18 Months Later, and, thereafter, the film ricochets from scene to scene, place to place; restless and busy, never pausing to take a breath, or, sadly, to actually stop and think. There’s kids diving for Kryptonian-spacecraft ruins in the Indian ocean, evil Jihadis in a dust-storm ‘Africa’, Lois & Clark in the bath, Amy Adams as go-girl reporter refusing to take no for an answer from glowering military men, Laurence Fishburne talking in headlines, Affleck busting a sex-slave ring in an ooga-booga haunted house, Jeremy Irons as an Alfred that squashes the Michael Caine and Morgan Freeman characters into one, Holly Hunter helming congressional hearings on Superman and spouting pithy farm-girl homilies, endless Affleck dream-sequences, Gal Gadot as Bond Girl-esque femme fatale harbouring a secret identity, security/surveillance footage teasing future DC-universe heroes (Ezra Miller as the Flash! Jason Momoa as Aquaman! Some other dude as some other guy!), Diane Lane working in a diner, McNairy now a wheelchair-bound anti-Superman activist, shit-getting-blown-up scenes, a Rocky training montage where Affleck does chin-ups shackled in ball-and-chains and pulls truck tyres and gets ripped, and oh-so-many-more montages, like the unexpected one where media talking-heads — including Neil deGrasse Tyson and Vikram Gandhi! — wax philosophical/theosophical about Superman as messianic figure.

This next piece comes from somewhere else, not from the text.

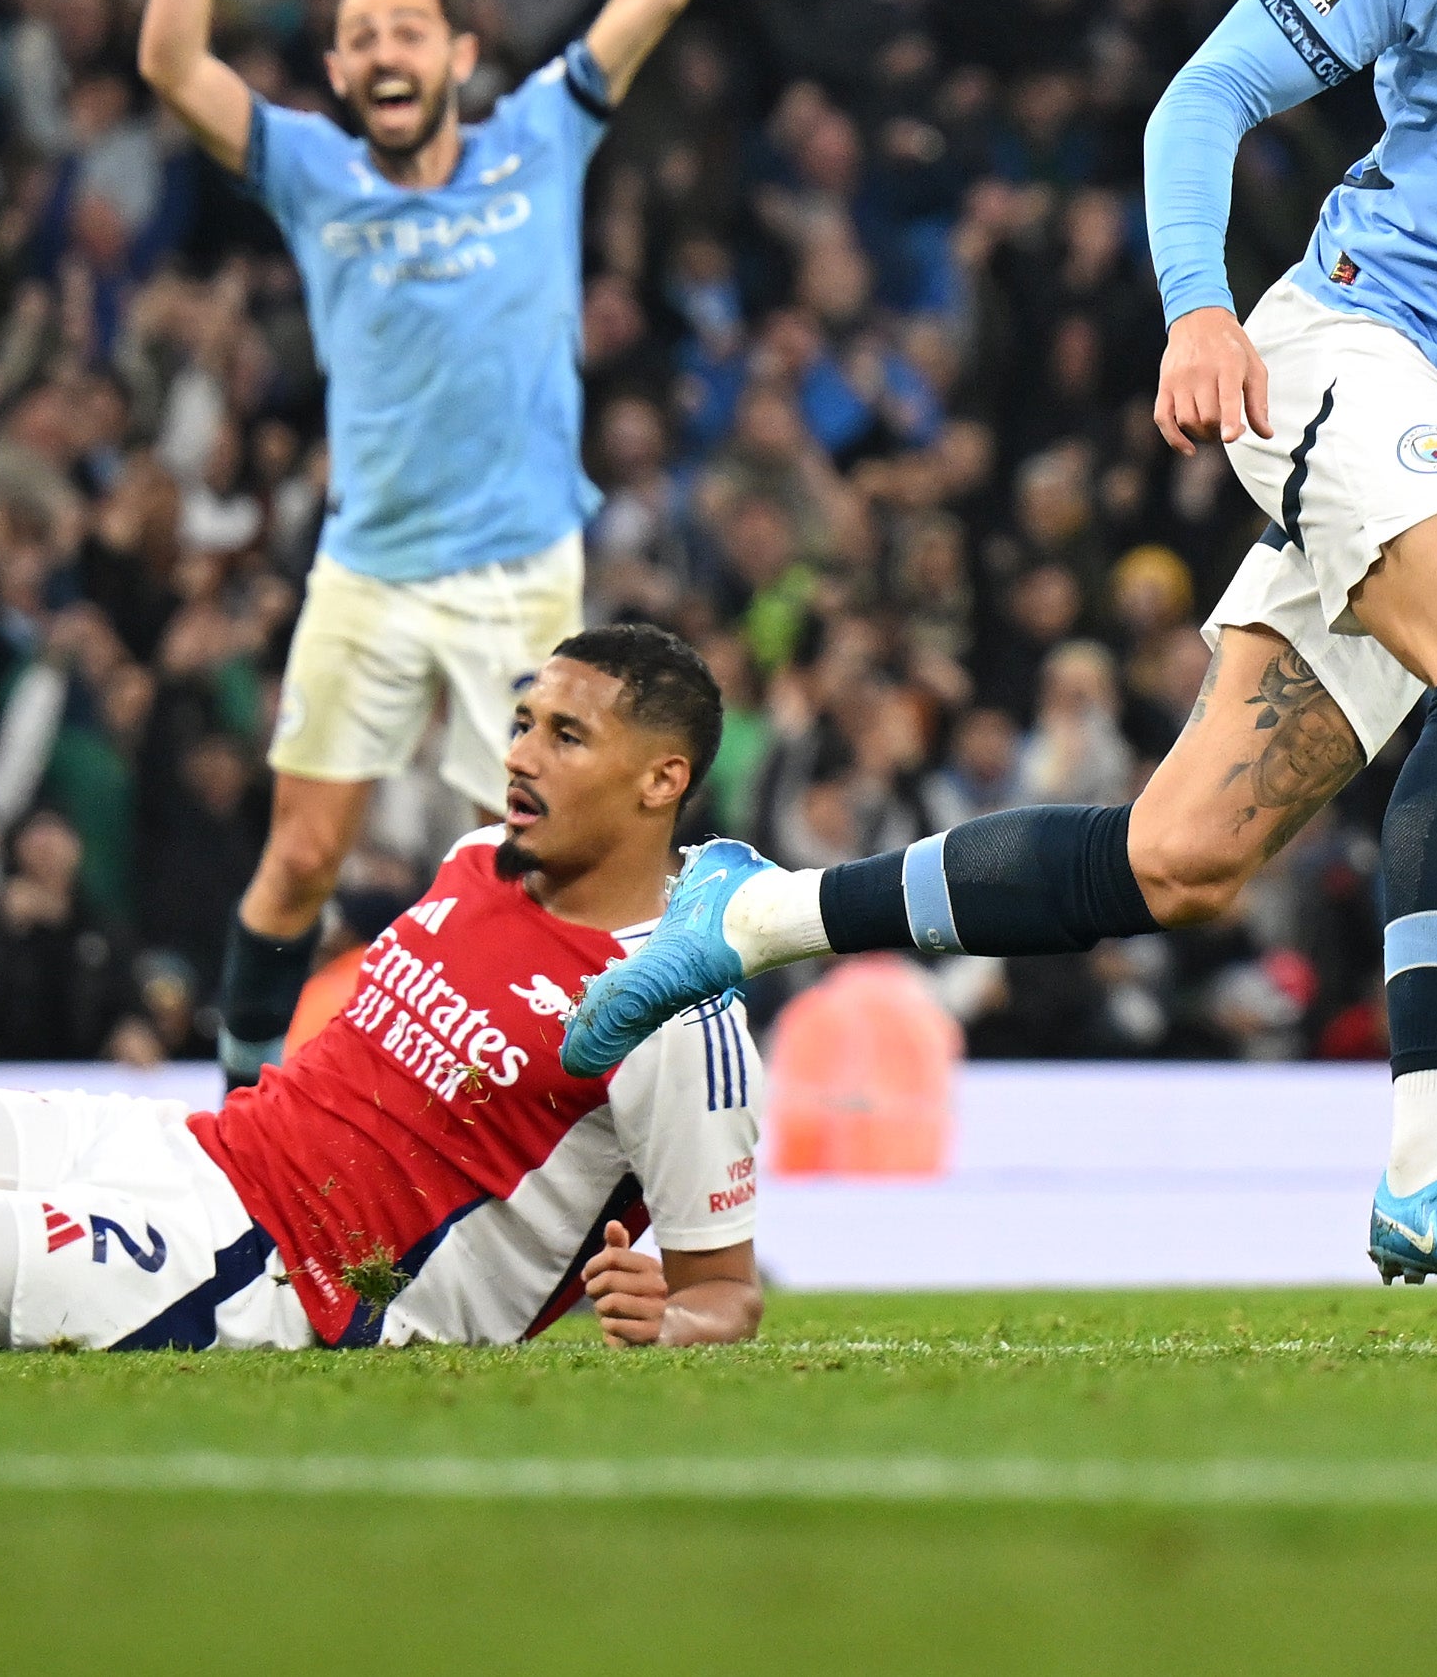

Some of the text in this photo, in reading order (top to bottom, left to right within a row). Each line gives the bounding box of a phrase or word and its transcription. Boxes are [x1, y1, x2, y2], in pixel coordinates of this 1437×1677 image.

[360, 926, 530, 1087] Emirates
[381, 1009, 469, 1102] BETTER
[89, 1213, 167, 1274] 2

Man Of Steel overtly turned Superman into Christ: he was 33, had a beard, was a wandering handyman, floated in the ocean in an arms-out pose, preyed in front of a stained-glass window of the actual Jesus, took counsel from a priest, and saved mankind from the devil. Here, again, the conversations are about whether he’s a God, or the son of God, or just the son of Kevin Costner, whom he sees in a dead-pa flashback — counsel full of folksy farm-hooey — whilst hiking snowy mountaintops on losing-my-religion sabbatical. Cavill flies in and out of the action, in and out of public favour. He’s forever noble, out to do the right thing, out to save humanity from itself. He doesn’t say “forgive them, for they know not what they do,” but, Jesus Christ, his Christ-like, suffering-for-our sins bit is repetitious, one-note, dull.

Despite Snyder’s bluster, Dawn Of Justice is essentially a calamitous, crash-bang, $250mil, 150-minute, hyper-macho ode to two really boring men. Square-jaws’re great and all, but both Cavill and Affleck bring little more to their barely-written roles than stern brooding, volatile anger, a love of their moms, a desire to live up to their daddies’ legacies. My favourite Cavill face is his clenched, taking-a-shit, gurning grimace that goes with laser-eyeball fire; efforting the evocation of effort on a digital backlot. In his metal helmet, platform boots, and clunky suit, Affleck plays a live-action Batman that looks like Lego Batman; though, sadly, he never actually says anything funny.

Thank fuck, then, that Jesse Eisenberg has a gay old time playing Lex Luthor with villainous ridiculousness, twitchy anxiety, manic energy; his demeanour matching the mile-a-minute editing and all-too-busy mise-en-scène. He gets to deliver all the best lines — his reading of “my R&D is up to no good” is delightful — about God, absolutism, Greek mythology; the villain, as always, the impish intellectual counter to the brute force and moral simplicity of the hero. Eventually, Eisenberg gets full scenery-chewing as he digs into the Kryptonian ruins, reawakens the mothership, and summons an evil space-monster that our two heroes — having had a fistfight on top of a building on a dark-and-stormy night — can team up to fight, with ol’ Wonder Woman herself added to the mix.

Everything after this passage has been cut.